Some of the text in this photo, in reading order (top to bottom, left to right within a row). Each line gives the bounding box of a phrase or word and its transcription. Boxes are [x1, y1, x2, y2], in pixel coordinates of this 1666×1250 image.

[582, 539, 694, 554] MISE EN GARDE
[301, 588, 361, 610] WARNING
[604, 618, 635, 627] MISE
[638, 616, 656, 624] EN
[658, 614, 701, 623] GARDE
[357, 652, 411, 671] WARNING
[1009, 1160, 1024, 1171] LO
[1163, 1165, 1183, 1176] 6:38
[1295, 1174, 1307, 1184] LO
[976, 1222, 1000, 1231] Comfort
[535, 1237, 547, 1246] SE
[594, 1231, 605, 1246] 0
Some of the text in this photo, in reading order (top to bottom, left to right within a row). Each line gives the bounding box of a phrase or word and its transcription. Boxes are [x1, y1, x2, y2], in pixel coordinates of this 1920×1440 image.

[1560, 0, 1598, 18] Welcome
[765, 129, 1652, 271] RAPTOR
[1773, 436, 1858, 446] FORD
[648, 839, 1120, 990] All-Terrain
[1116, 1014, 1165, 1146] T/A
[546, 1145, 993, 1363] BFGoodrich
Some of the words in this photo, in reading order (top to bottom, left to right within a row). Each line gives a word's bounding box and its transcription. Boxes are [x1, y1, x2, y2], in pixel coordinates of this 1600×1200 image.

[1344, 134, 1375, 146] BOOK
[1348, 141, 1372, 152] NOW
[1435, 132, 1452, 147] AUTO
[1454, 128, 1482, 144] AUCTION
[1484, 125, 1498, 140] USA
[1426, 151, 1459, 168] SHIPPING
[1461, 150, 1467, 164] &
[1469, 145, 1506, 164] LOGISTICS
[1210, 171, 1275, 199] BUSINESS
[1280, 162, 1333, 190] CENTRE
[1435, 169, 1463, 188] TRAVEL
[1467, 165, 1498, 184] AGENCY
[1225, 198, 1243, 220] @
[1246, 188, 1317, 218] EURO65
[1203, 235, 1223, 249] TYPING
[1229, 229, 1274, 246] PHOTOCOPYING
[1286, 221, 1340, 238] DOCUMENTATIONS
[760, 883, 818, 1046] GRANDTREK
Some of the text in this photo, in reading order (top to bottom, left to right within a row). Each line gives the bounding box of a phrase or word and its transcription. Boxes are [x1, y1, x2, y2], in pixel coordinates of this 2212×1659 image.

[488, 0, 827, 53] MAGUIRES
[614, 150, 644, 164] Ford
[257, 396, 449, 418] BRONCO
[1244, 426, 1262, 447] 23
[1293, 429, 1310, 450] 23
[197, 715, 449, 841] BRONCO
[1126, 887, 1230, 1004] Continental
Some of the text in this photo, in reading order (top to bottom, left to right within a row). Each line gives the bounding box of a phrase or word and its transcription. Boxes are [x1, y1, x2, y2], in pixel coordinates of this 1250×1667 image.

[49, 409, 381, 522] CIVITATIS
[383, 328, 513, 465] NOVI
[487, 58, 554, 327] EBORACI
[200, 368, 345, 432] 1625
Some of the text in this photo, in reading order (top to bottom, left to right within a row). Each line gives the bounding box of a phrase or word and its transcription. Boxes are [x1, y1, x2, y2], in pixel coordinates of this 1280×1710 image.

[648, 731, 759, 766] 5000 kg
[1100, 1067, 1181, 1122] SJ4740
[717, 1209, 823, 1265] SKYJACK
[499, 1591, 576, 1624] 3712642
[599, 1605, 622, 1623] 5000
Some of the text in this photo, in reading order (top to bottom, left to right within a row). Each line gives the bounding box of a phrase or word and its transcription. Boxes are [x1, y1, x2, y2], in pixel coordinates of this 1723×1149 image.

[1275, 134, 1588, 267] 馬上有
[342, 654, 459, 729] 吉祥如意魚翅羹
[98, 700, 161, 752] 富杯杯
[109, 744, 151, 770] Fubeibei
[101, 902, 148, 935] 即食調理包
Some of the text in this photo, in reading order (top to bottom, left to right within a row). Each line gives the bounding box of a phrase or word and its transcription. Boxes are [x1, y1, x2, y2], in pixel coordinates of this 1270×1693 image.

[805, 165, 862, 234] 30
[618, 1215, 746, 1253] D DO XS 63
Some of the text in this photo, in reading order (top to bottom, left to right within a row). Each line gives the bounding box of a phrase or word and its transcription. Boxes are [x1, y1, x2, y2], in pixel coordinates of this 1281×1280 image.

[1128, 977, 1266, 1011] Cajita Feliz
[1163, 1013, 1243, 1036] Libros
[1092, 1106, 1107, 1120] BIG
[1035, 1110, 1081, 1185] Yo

▶ **Goal of the exercise**
Extract, exactly, the lines above that begin at the line containing "this 1281×1280 image." and end at the final line of the records; add no other text.

▶ **Output of the exercise**
Some of the text in this photo, in reading order (top to bottom, left to right within a row). Each line gives the bounding box of a phrase or word and its transcription. Boxes are [x1, y1, x2, y2], in pixel coordinates of this 1281×1280 image.

[1128, 977, 1266, 1011] Cajita Feliz
[1163, 1013, 1243, 1036] Libros
[1092, 1106, 1107, 1120] BIG
[1035, 1110, 1081, 1185] Yo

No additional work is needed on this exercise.